__The problem__
Repeat the entries below exactly as they appear, with no pictures.
Segment Start: Records for the task
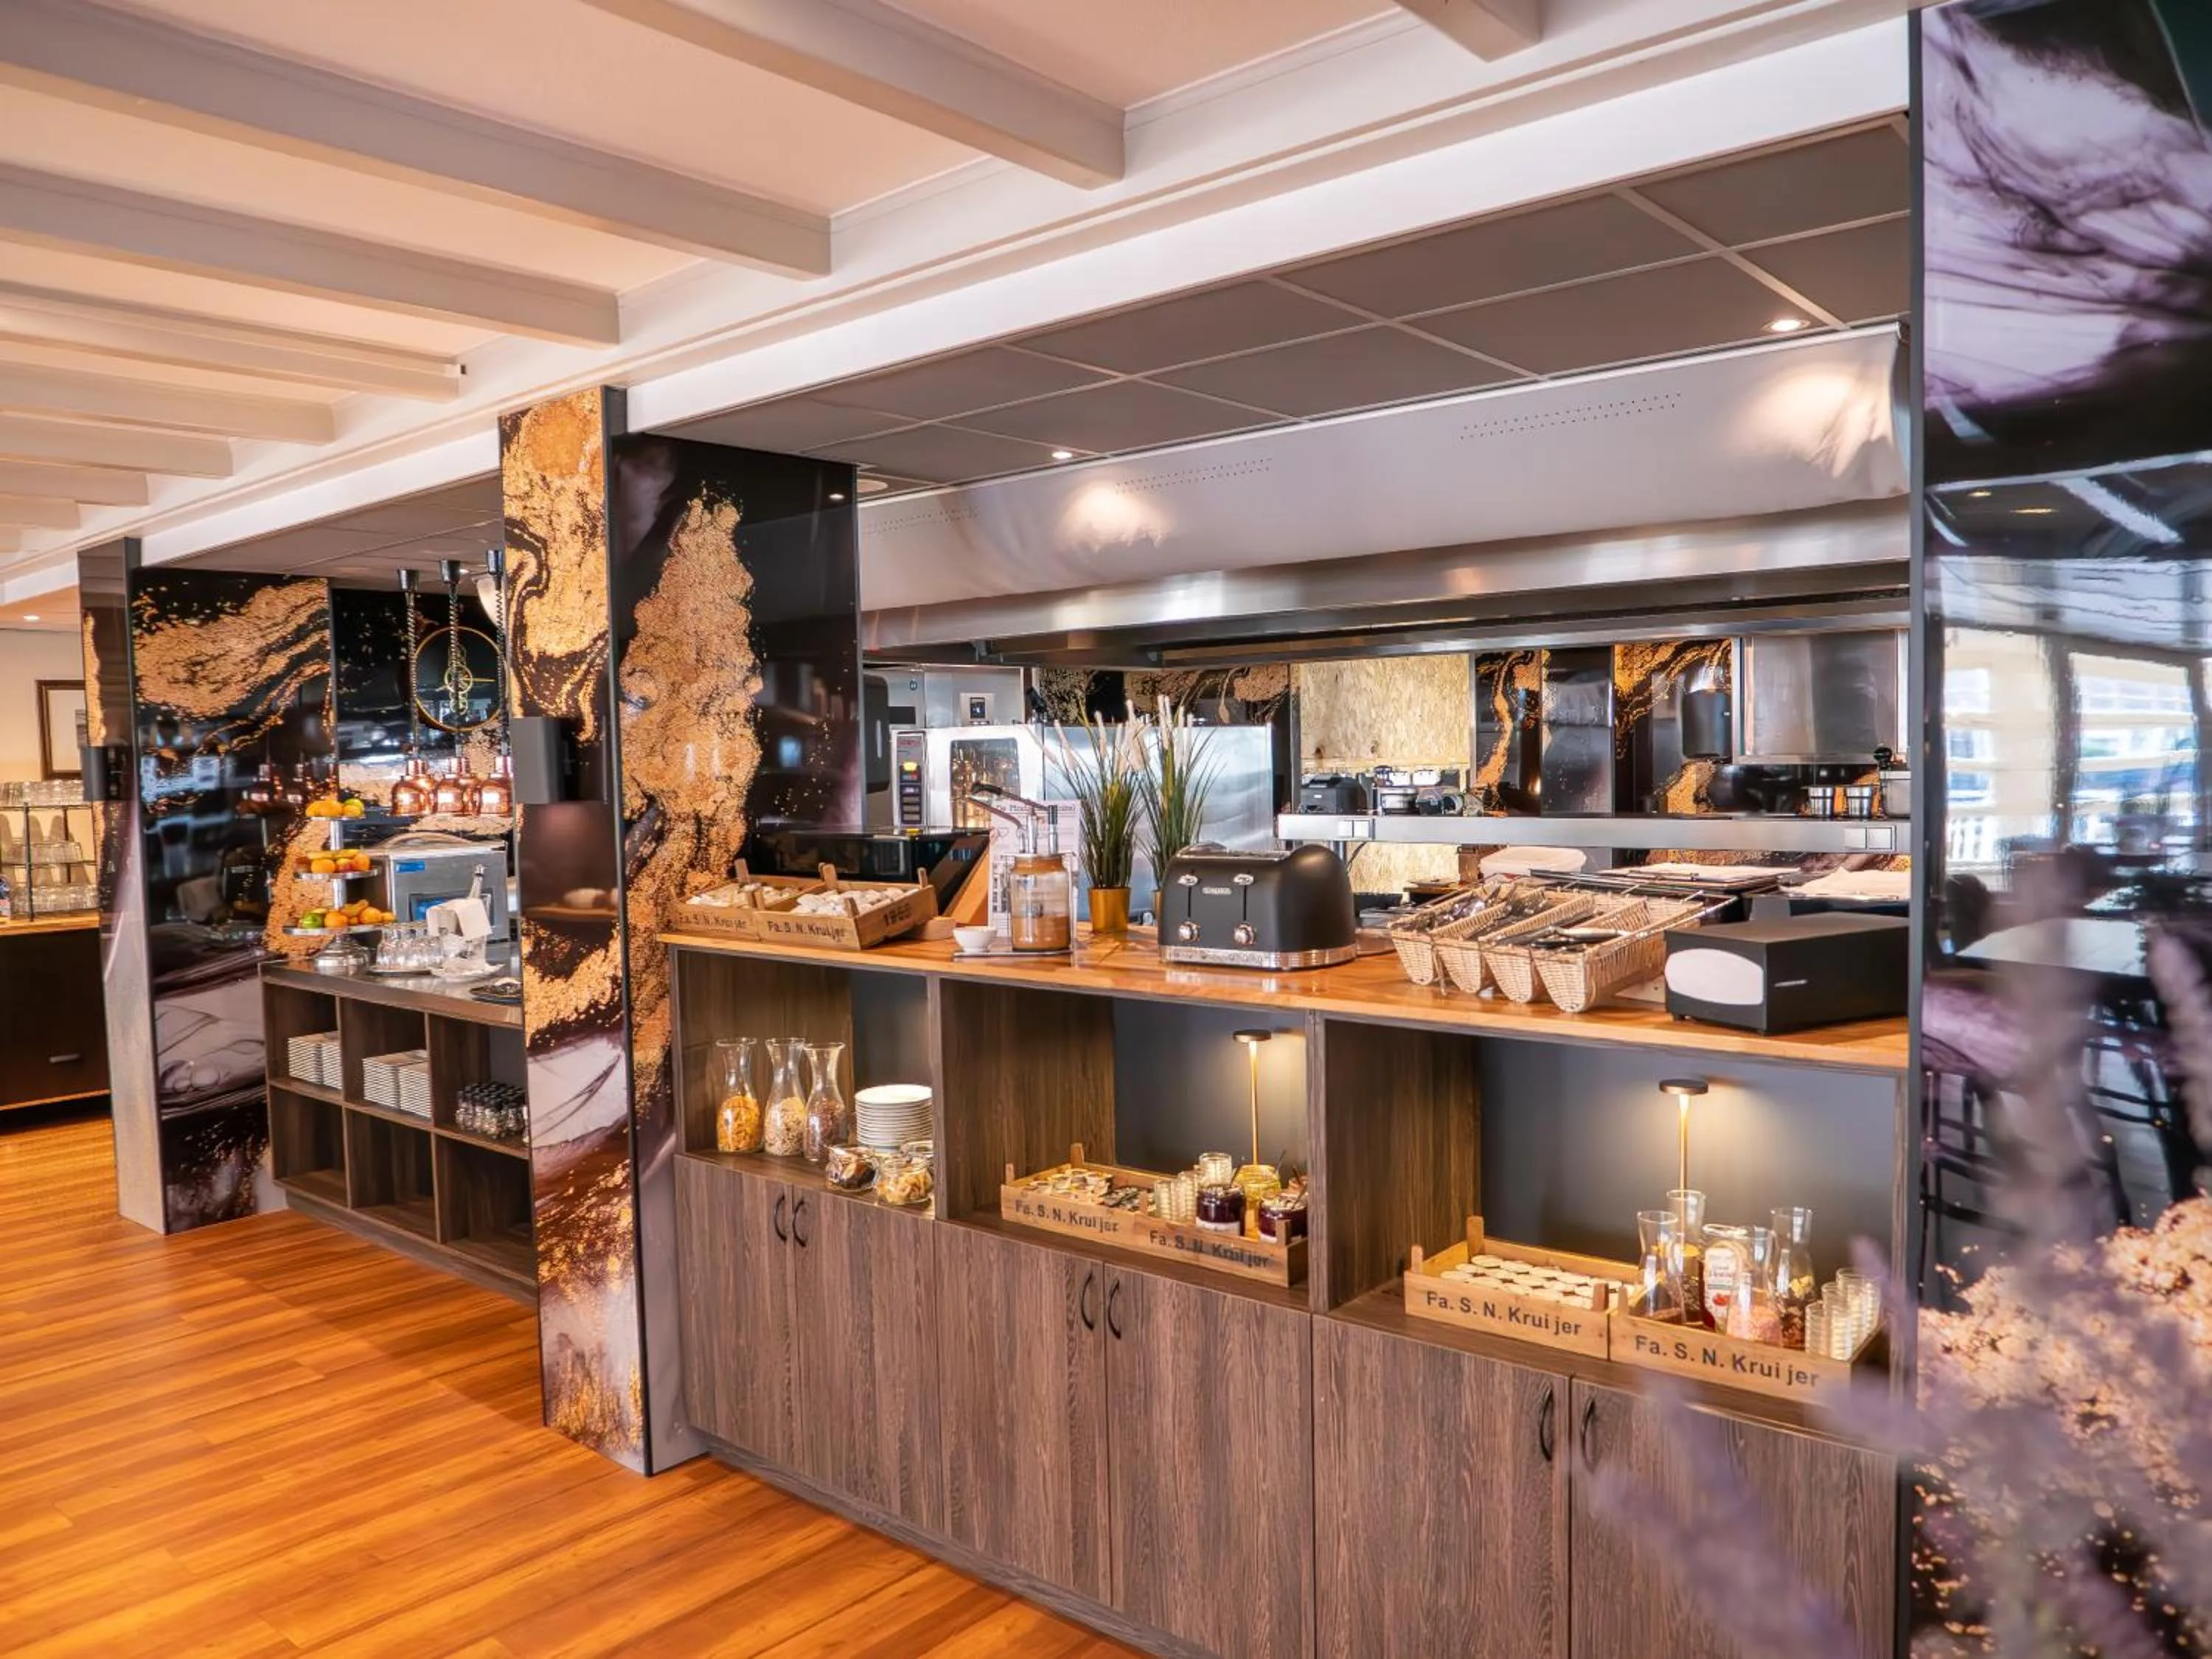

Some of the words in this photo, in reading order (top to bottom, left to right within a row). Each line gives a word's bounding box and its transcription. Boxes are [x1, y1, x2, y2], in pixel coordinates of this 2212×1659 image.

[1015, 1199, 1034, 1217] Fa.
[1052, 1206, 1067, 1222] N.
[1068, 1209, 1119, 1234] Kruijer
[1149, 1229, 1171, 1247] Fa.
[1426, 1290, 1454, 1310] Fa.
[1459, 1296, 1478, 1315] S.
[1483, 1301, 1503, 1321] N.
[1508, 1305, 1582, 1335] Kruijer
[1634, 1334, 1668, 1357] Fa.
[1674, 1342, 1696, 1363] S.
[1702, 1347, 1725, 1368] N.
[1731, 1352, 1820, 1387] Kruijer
Segment End: Records for the task
__Answer area__
Some of the words in this photo, in reading order (top to bottom, left to right within a row). Each line gives a word's bounding box and its transcription. Boxes are [x1, y1, x2, y2], in pixel coordinates of this 2212×1659 image.

[1015, 1199, 1034, 1217] Fa.
[1052, 1206, 1067, 1222] N.
[1068, 1209, 1119, 1234] Kruijer
[1149, 1229, 1171, 1247] Fa.
[1426, 1290, 1454, 1310] Fa.
[1459, 1296, 1478, 1315] S.
[1483, 1301, 1503, 1321] N.
[1508, 1305, 1582, 1335] Kruijer
[1634, 1334, 1668, 1357] Fa.
[1674, 1342, 1696, 1363] S.
[1702, 1347, 1725, 1368] N.
[1731, 1352, 1820, 1387] Kruijer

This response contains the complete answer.